6. Dispositif de mise en oeuvre du procédé selon la revendication 1, ce dispositif comprenant une alimentation à découpage ..."
II. Le 21 octobre 1987, l'intimée a fait opposition à ce brevet et a requis sa révocation complète pour défaut de brevetabilité de son objet par rapport à un état de la technique rendu accessible au public par un usage antérieur. Les motifs de l'opposition s'appuyaient sur les documents :
A1: Deux bons de livraison nos 689747 et 690967
A2: Schéma électrique de l'alimentation 3110 de Nixdorf (planches 1 à 6)
A3: Description de l'alimentation 3110, Doc-no. 028, daté 6 janvier 1984, pages 1 à 39.
De plus, avec une lettre datée 17 avril 1989, l'intimée a fourni le document suivant :
A3a: "Tech. Datenblatt" de l'alimentation 3110, Doc-no. 422, daté 18 janvier 1983, pages 1 à 10.
III. Par la décision attaquée, rendue le 5 juillet 1989, la division d'opposition a révoqué le brevet. Elle a considéré que les bons de livraison fournissaient la preuve que l'alimentation 3110 de Nixdorf avait été mise en circulation dans le public avant la date de priorité du brevet attaqué. Elle a aussi considéré que le schéma électrique démontrait que l'alimentation 3110 était identique aux objets des revendications 1 et 6 du brevet attaqué, ce qui n'avait pas été contesté par le titulaire.

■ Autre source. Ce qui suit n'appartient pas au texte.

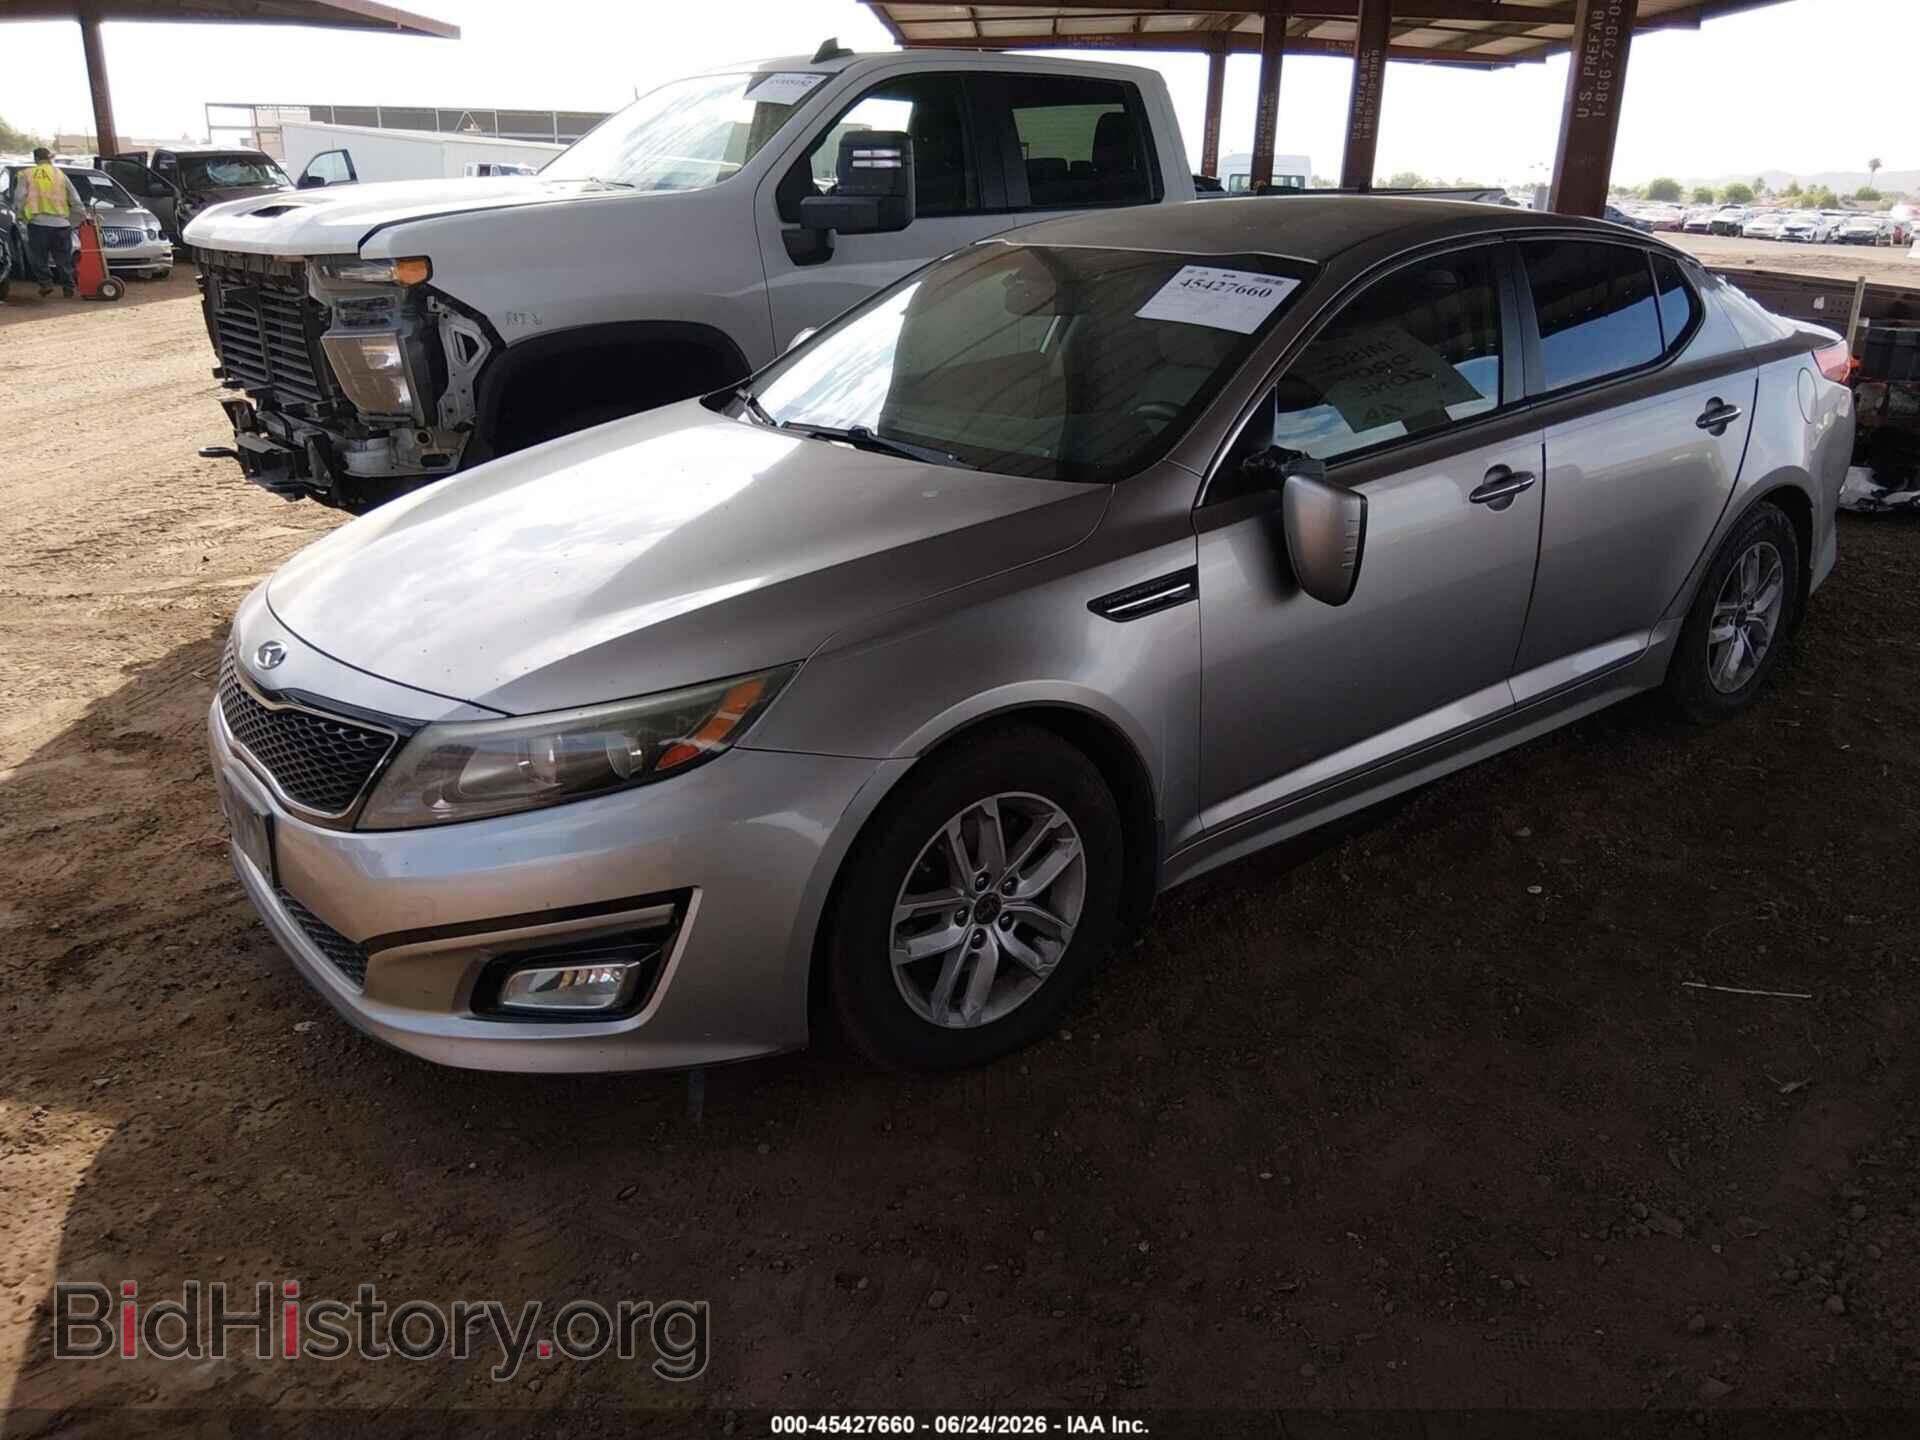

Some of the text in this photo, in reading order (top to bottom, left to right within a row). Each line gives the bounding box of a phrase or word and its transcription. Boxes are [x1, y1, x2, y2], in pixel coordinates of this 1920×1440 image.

[1576, 10, 1606, 119] U.S. PREFAB
[1179, 278, 1273, 298] 45427660

IV. Le 22 juillet 1989, la requérante a formé le présent recours contre cette décision de la division d'opposition. Elle a acquitté la taxe de recours le 25 juillet 1989. Le mémoire exposant les motifs du recours a été déposé le 10 novembre 1989. La requérante a fait valoir dans ce mémoire que les bons de livraison ne portaient aucune signature, ni de la part du livreur, ni de la part du destinataire, et n'avaient par conséquent aucune valeur juridique. Par ailleurs, elle a mis en doute la valeur juridique des documents internes (A2 et A3) fournis pour identifier l'alimentation 3110 et a demandé à la Chambre de recours de déclarer que les documents produits par l'intimée, en particulier les bons de livraison, n'étaient pas recevables et ne constituaient pas des preuves d'une divulgation antérieure de l'invention revendiquée.
V. Avec sa réponse du 16 mars 1990, l'intimée a fourni les documents suivants :
A4 et A5: Notification d'aptitude à la mise en service (Mitteilung der Betriebsbereitschaft) n° 113751 et 113754.
L'intimée a fait valoir pour l'essentiel que le document A4, en date du 16 mai 1983, portait le même numéro de commande (Auftrags-Nr. 168355100) et le même numéro de machine (Maschinen- Nr. 94) que le bon de livraison n° 690967. Le document A5, signé par le destinataire le 9 juin 1983, portait le même numéro de commande (Auftrags-Nr. 168368200) et le même numéro de machine (Maschinen-Nr. 136) que le bon de livraison n° 689747. Les documents A4 et A5 confirmaient donc la livraison des machines à deux acheteurs différents. Il était impossible que les machines aient été mises en service sans l'alimentation. Les documents A2 et A3 ne servaient qu'à décrire les particularités de l'alimentation 3110. Les modifications qui avaient été apportées au schéma électrique ne concernaient pas des caractéristiques pertinentes dans la présente affaire. De plus, l'intimée a proposé à la Chambre d'entendre M. Friedhelm Römer comme témoin pour confirmer le fait que l'alimentation 3110 était identique à l'objet du brevet attaqué.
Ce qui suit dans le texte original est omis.